### WHAT YOU SHOULD DO
Go through the records and give each one again exactly.

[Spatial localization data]
------------------------------------------------------------------------
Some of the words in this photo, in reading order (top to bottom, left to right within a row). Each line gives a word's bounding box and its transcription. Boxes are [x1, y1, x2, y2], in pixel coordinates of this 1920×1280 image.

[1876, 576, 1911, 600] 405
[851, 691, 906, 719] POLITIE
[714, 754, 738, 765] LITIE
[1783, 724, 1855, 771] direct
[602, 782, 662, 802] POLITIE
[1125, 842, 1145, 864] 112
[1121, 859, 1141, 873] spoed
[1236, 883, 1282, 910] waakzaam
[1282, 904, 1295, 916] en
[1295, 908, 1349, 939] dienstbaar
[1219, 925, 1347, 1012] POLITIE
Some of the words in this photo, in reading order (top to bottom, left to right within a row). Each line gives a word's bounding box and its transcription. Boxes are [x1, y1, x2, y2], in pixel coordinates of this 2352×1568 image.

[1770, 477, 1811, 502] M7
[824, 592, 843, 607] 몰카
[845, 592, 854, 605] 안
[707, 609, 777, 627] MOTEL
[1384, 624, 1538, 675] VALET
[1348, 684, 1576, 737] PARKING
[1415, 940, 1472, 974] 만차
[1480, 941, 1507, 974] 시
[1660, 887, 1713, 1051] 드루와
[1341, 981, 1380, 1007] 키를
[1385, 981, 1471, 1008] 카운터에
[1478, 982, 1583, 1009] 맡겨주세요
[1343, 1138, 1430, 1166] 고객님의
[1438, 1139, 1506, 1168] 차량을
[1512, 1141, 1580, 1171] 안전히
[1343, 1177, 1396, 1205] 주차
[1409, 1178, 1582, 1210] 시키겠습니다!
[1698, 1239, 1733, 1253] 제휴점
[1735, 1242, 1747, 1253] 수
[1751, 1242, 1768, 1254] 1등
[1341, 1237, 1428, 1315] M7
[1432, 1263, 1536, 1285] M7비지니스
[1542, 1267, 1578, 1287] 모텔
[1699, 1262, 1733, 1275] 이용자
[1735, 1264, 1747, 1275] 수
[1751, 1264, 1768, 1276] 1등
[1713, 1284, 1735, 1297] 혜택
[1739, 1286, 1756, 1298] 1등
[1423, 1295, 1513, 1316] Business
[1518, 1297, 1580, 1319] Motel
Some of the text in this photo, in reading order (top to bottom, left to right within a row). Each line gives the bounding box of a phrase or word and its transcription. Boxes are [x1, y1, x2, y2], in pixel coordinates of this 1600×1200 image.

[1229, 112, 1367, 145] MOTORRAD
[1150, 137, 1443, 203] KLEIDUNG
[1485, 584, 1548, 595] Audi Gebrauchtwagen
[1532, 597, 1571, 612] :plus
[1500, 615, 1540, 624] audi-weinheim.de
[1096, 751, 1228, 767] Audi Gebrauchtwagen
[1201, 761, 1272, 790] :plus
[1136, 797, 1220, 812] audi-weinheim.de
------------------------------------------------------------------------
### TASK ANSWER
Some of the words in this photo, in reading order (top to bottom, left to right within a row). Each line gives a word's bounding box and its transcription. Boxes are [x1, y1, x2, y2], in pixel coordinates of this 1920×1280 image.

[1876, 576, 1911, 600] 405
[851, 691, 906, 719] POLITIE
[714, 754, 738, 765] LITIE
[1783, 724, 1855, 771] direct
[602, 782, 662, 802] POLITIE
[1125, 842, 1145, 864] 112
[1121, 859, 1141, 873] spoed
[1236, 883, 1282, 910] waakzaam
[1282, 904, 1295, 916] en
[1295, 908, 1349, 939] dienstbaar
[1219, 925, 1347, 1012] POLITIE
Some of the words in this photo, in reading order (top to bottom, left to right within a row). Each line gives a word's bounding box and its transcription. Boxes are [x1, y1, x2, y2], in pixel coordinates of this 2352×1568 image.

[1770, 477, 1811, 502] M7
[824, 592, 843, 607] 몰카
[845, 592, 854, 605] 안
[707, 609, 777, 627] MOTEL
[1384, 624, 1538, 675] VALET
[1348, 684, 1576, 737] PARKING
[1415, 940, 1472, 974] 만차
[1480, 941, 1507, 974] 시
[1660, 887, 1713, 1051] 드루와
[1341, 981, 1380, 1007] 키를
[1385, 981, 1471, 1008] 카운터에
[1478, 982, 1583, 1009] 맡겨주세요
[1343, 1138, 1430, 1166] 고객님의
[1438, 1139, 1506, 1168] 차량을
[1512, 1141, 1580, 1171] 안전히
[1343, 1177, 1396, 1205] 주차
[1409, 1178, 1582, 1210] 시키겠습니다!
[1698, 1239, 1733, 1253] 제휴점
[1735, 1242, 1747, 1253] 수
[1751, 1242, 1768, 1254] 1등
[1341, 1237, 1428, 1315] M7
[1432, 1263, 1536, 1285] M7비지니스
[1542, 1267, 1578, 1287] 모텔
[1699, 1262, 1733, 1275] 이용자
[1735, 1264, 1747, 1275] 수
[1751, 1264, 1768, 1276] 1등
[1713, 1284, 1735, 1297] 혜택
[1739, 1286, 1756, 1298] 1등
[1423, 1295, 1513, 1316] Business
[1518, 1297, 1580, 1319] Motel
Some of the text in this photo, in reading order (top to bottom, left to right within a row). Each line gives the bounding box of a phrase or word and its transcription. Boxes are [x1, y1, x2, y2], in pixel coordinates of this 1600×1200 image.

[1229, 112, 1367, 145] MOTORRAD
[1150, 137, 1443, 203] KLEIDUNG
[1485, 584, 1548, 595] Audi Gebrauchtwagen
[1532, 597, 1571, 612] :plus
[1500, 615, 1540, 624] audi-weinheim.de
[1096, 751, 1228, 767] Audi Gebrauchtwagen
[1201, 761, 1272, 790] :plus
[1136, 797, 1220, 812] audi-weinheim.de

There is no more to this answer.